Барти скомкал и отбросил в сторону окклюменционную личину Бартемия Крауча-младшего, юного безупречного наследника Древнейшего Дома. Небо над Ферт-оф-Фортом тонуло в черной глубине — и Барти позволил ему утонуть.
Он остался один. Крохотная искра «я» в океане магии, наполненном отголосками прошлого и будущего, желаниями и стремлениями, тусклыми всполохами мыслей чужих сознаний.
Он позволил себе забыть о значениях, хранимых океаном. Вдохнул черный грозовой воздух.
Человека перед ним звали Дэмьен Монтегю. Барти отказался признавать его право на имя: имена полагались людям; отказался признавать его право на принадлежность к роду людей — помимо имен, людям полагалось милосердие. Он взглянул на безымянное существо перед собой, существо, когда-то звавшееся Дэмьеном Монтегю и когда-то считавшее себя человеком — ему понадобилось время, чтобы запомнить, что всё это было ложью.
Потом он решил, что желает ему смерти.
Волшебник, когда-то носивший имя Барти Крауча, поднял палочку и произнес: Avada Kedavra.
Он ожидал боли, но боли не было. Только пустота — оказавшаяся так близко, слишком близко, достаточно близко для того, чтобы растворить в себе все его окклюменционные иллюзии; достаточно близко для того, чтобы он ощутил ее внутри.
Барти попытался сморгнуть ее, как смаргивают слезы после приступа боли, но пустота не была ни тем, ни другим. Она осталась. Где-то там, где раньше было что-то живое. Барти попытался дотянуться до краев невидимой раны собственной магией, исцелить ее, как дети спонтанно исцеляют случайные порезы — но магия протекла сквозь трещину, как вода.
Барти обернулся. Поймал чужой взгляд — касание чужой силы — и различил в нем только понимание.
— Это не исцелить, — сказал человек рядом с ним. — Ничем и никогда.
Барти не нашел в себе сил кивнуть. Отвернулся снова, глядя на совершенно и безошибочно мертвое тело Дэмьена Монтегю.
Вот, значит, каково это.
Смерть одного загнанного в угол аврора, совершенно обычного аврора среди множества совершенно обычных авроров, нередко умирающих в совершенно обычных случайных стычках, не стоила того, что он заплатил. Даже десяток таких смертей не стоил бы этого.
Он проблевался бы пустотой, но знал, что это не поможет. Ему оставалось только стать Барти Краучем.
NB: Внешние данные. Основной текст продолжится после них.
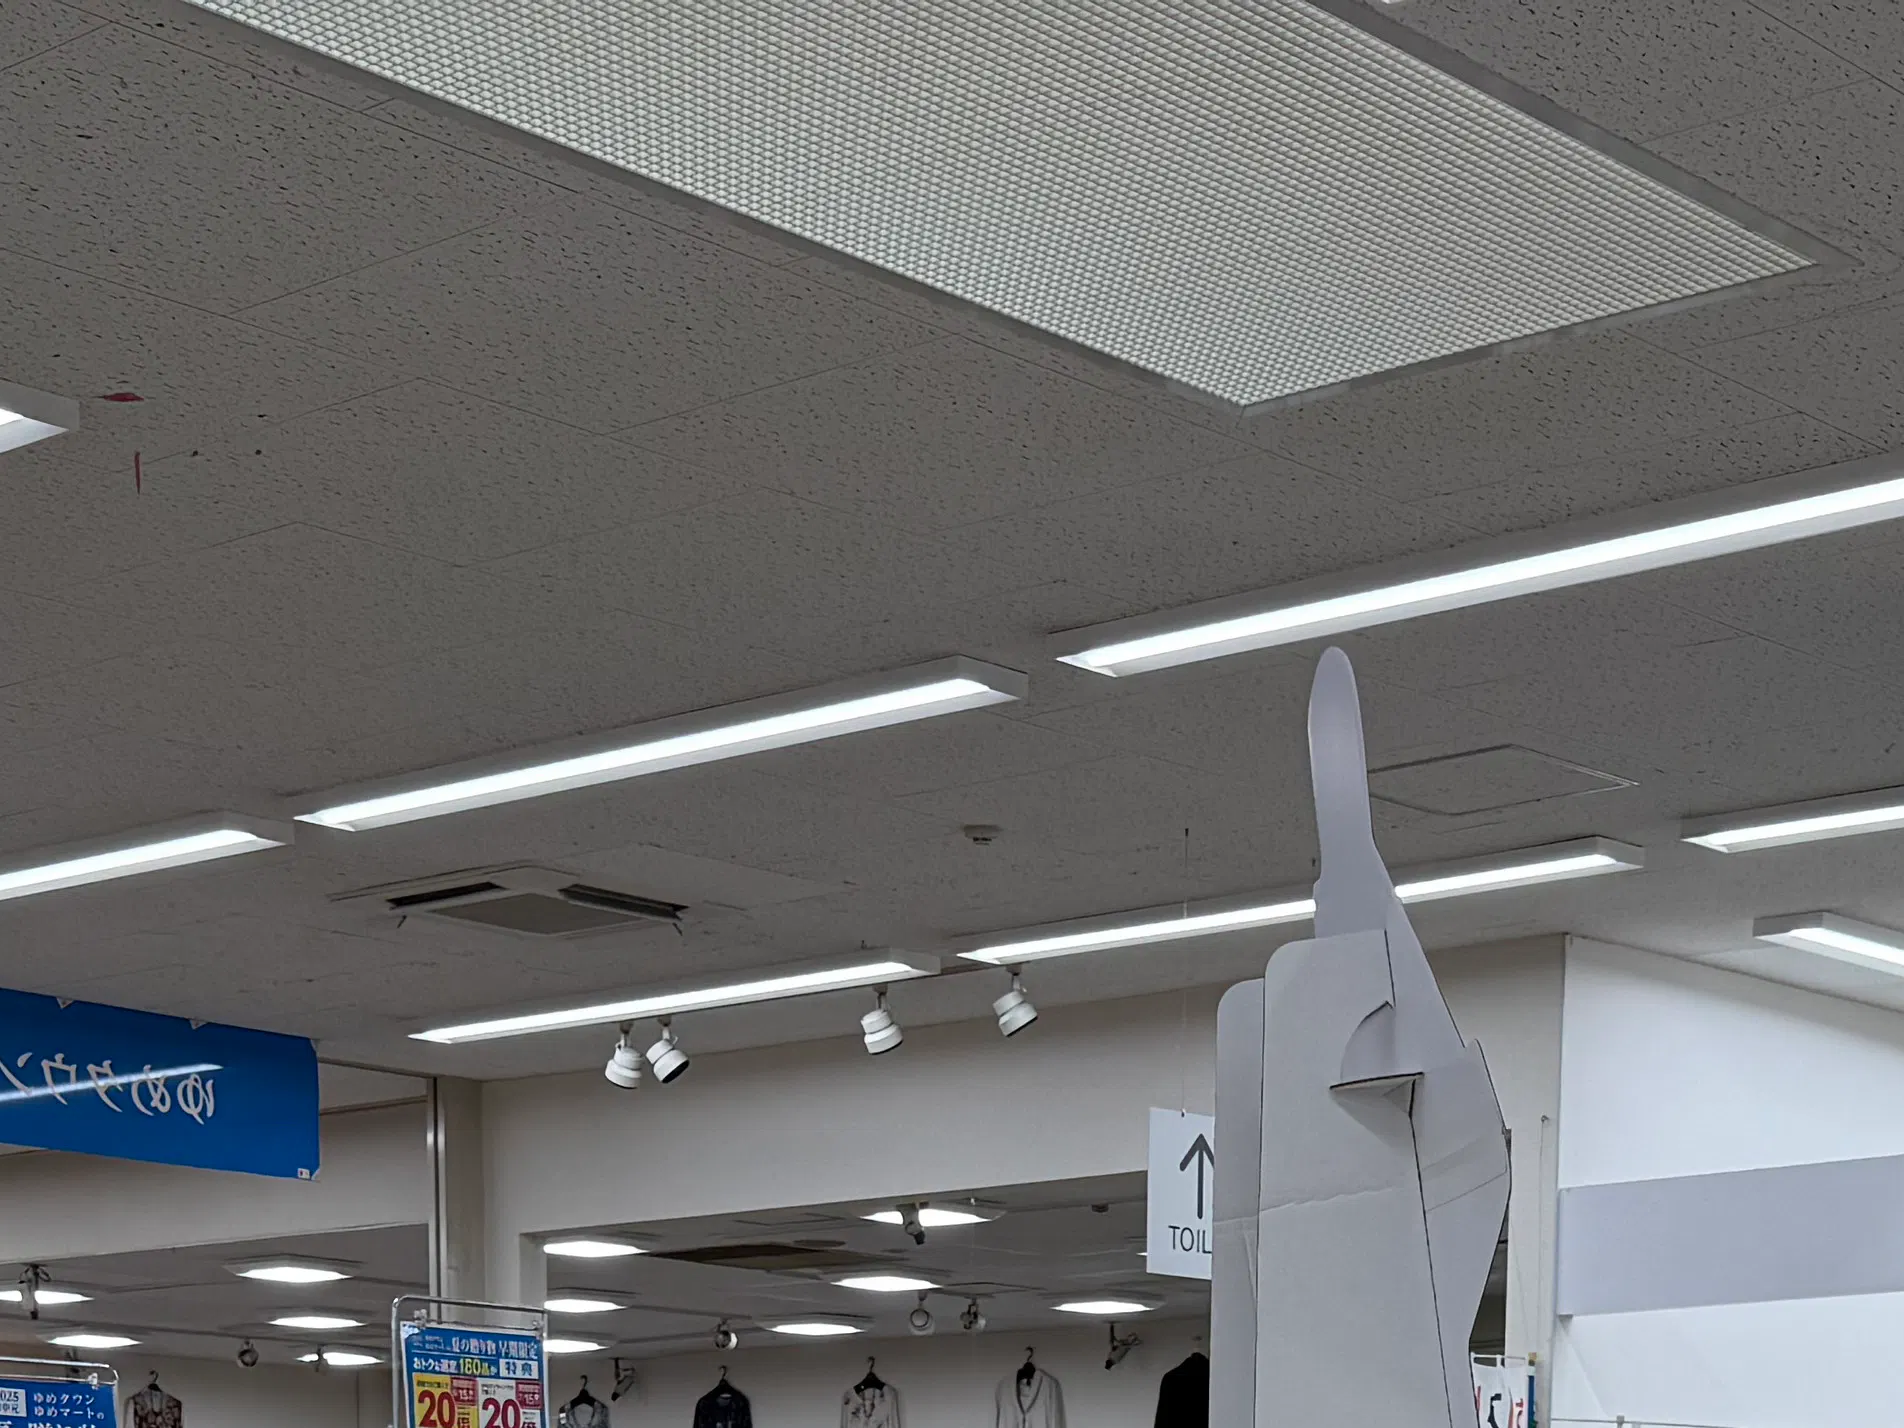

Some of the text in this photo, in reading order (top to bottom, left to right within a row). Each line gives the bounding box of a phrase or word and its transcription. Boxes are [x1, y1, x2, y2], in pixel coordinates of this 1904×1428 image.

[33, 1392, 95, 1406] ゆめタウン
Когда он повернулся к Темному лорду снова, он снова был волшебником, который собирался стать самым лучшим из всех, и готов был заплатить за это — даже столь высокую цену, как та, которую назначало Смертельное заклятие.
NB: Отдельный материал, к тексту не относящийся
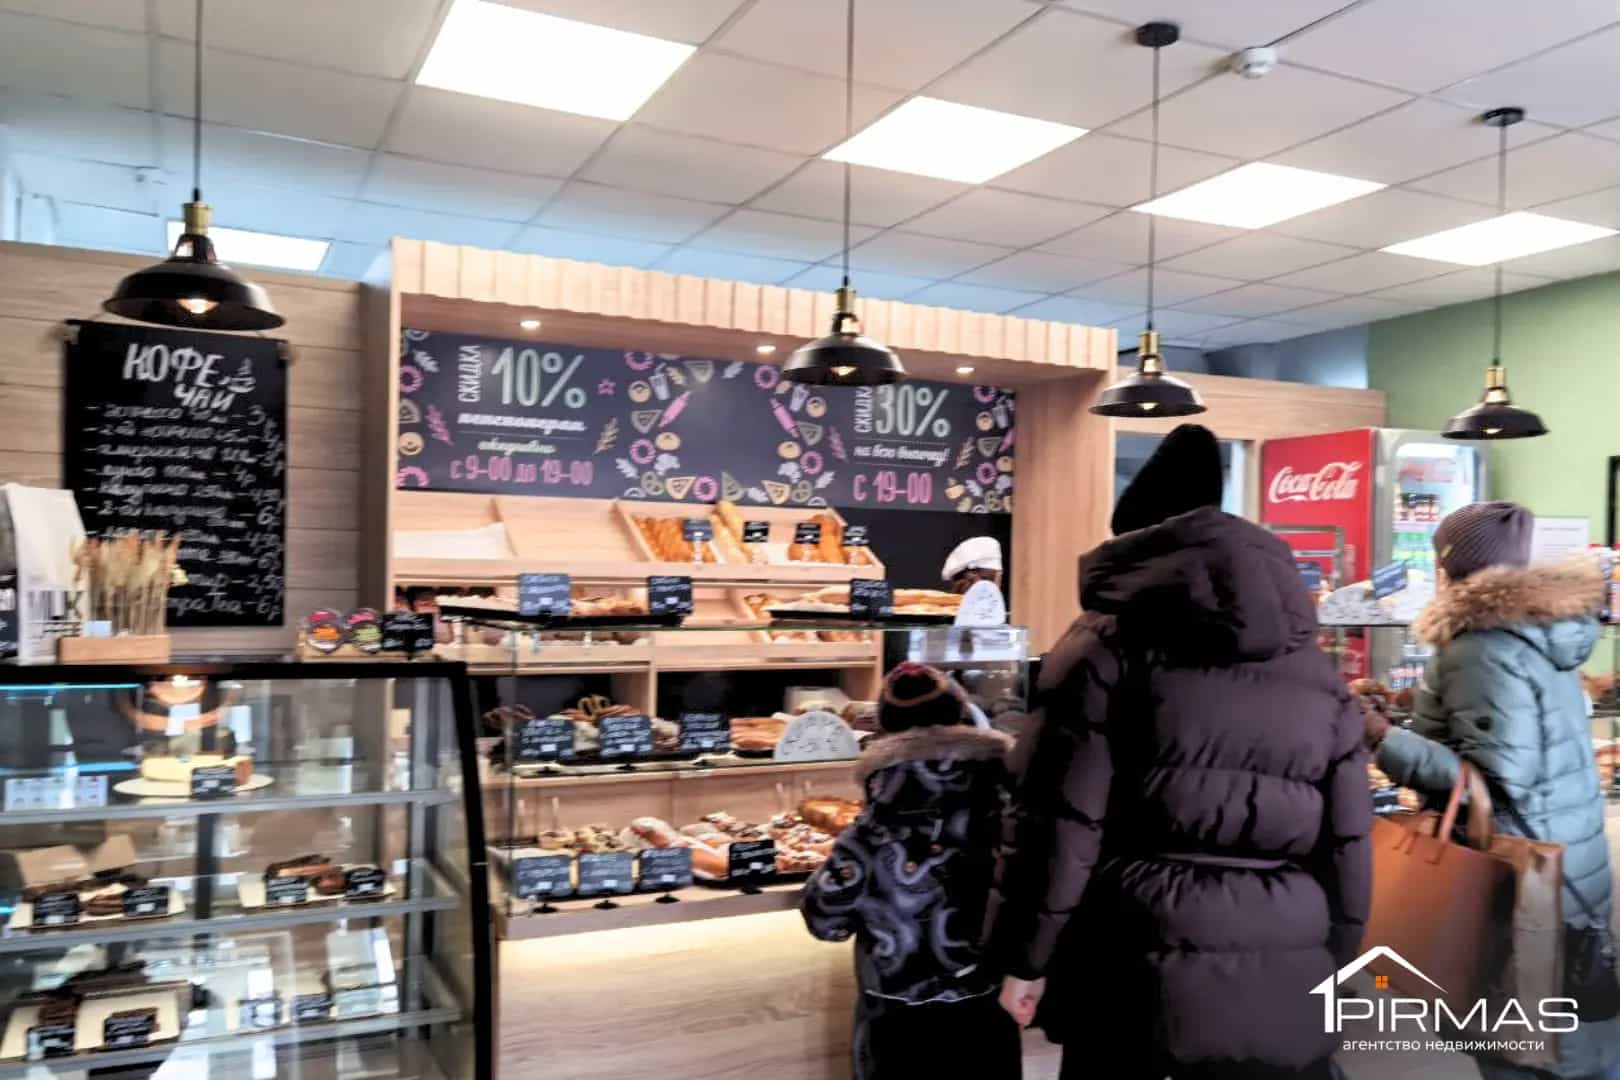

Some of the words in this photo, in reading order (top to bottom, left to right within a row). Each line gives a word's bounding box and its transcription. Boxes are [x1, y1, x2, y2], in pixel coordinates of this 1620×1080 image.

[122, 343, 224, 387] КОФЕ
[458, 345, 481, 402] СКИДКА
[491, 347, 587, 409] 10%
[875, 384, 950, 437] 30%
[465, 455, 512, 483] 9-00
[540, 459, 593, 486] 19-00
[873, 471, 932, 503] 19-00
— Еще что-нибудь, милорд? — спросил Барти Крауч.
Том Риддл покачал головой.
— В следующий раз будет легче, — мягко пообещал он. — Ты допустил только одну ошибку.
— Я знаю. В следующий раз у меня получится с первой попытки. — Барти убрал палочку в карман. У него оставались силы только на последний аппарационный прыжок, и любое волшебство могло лишить его даже этого.
Старший волшебник улыбнулся.
— Это была не проверка, Барти. Это был урок. И он еще не закончен.
За стенами дома ночной воздух не был перенасыщен магией, не опьянял, как вино натощак. Тени на земле подняли змеиные головы, не смея потревожить тишину даже шелестом травы.
У ночной темноты оказалось двойное дно и украденный голос. Барти посмотрел наверх, в чернильную глубину; прочесть ее сейчас оказалось легко — словно они думали на одном языке, древнем, как самая чистая кровь. Ему больше не нужно было лгать.
Гордись, приказал ему шепот, звучащий вне тишины.
Всего на мгновение — но ты подчинил себе смерть. Всего на мгновение — но теперь она стала частью тебя, и ты больше никогда, никогда не сумеешь о ней забыть.
Гордись, что посмотрел ей в глаза — и тебе хватило сил не отвести взгляда.
Чужая воля сплелась с его собственной, когда он поднял руку, указывая палочкой в небо над магловским домом — и чужая воля прошептала ему слово магической формулы, которое он произнес вслух, наделяя его собственной живой силой.
Всполох Morsmordre прошил его насквозь, обжигающий, острый, будто разряд молнии.
Небо больше не было черным. Метка окрасила его холодным изумрудным сиянием — тем, которое невозможно было спутать ни с чем другим, однажды увидев Смертельное заклятие своими глазами.
Кобра, сотканная из зеленого марева, раздула капюшон.
— Здорово, — сказал Темный лорд после недолгой паузы, — очень красиво. Пойдем, пока сюда не сбежался весь аврорат.
========== О королевских кобрах, Pt II ==========
Рабастан двигался со странной скованностью, которую не мог скрыть даже фрак. Проследить связь между ней и недавней — отчасти успешной — операцией аврората, предшествовавшей акции с семьей Монтегю, не смог бы только слепой.
— Кто-то добрался до Дэмьена Монтегю, — сказал Рабастан, слегка оперевшись на зачарованный рояль. Барти оценил этот жест как умеренное кощунство, идеально передававшее отношение братьев Лестрейнджей к Дому Малфоев. Учитывая, что Малфой-мэнор представлял из себя огромный музей старинных артефактов, в другое время лорд Малфой не оставил бы подобное без ответа, но сейчас у него были дела поважней.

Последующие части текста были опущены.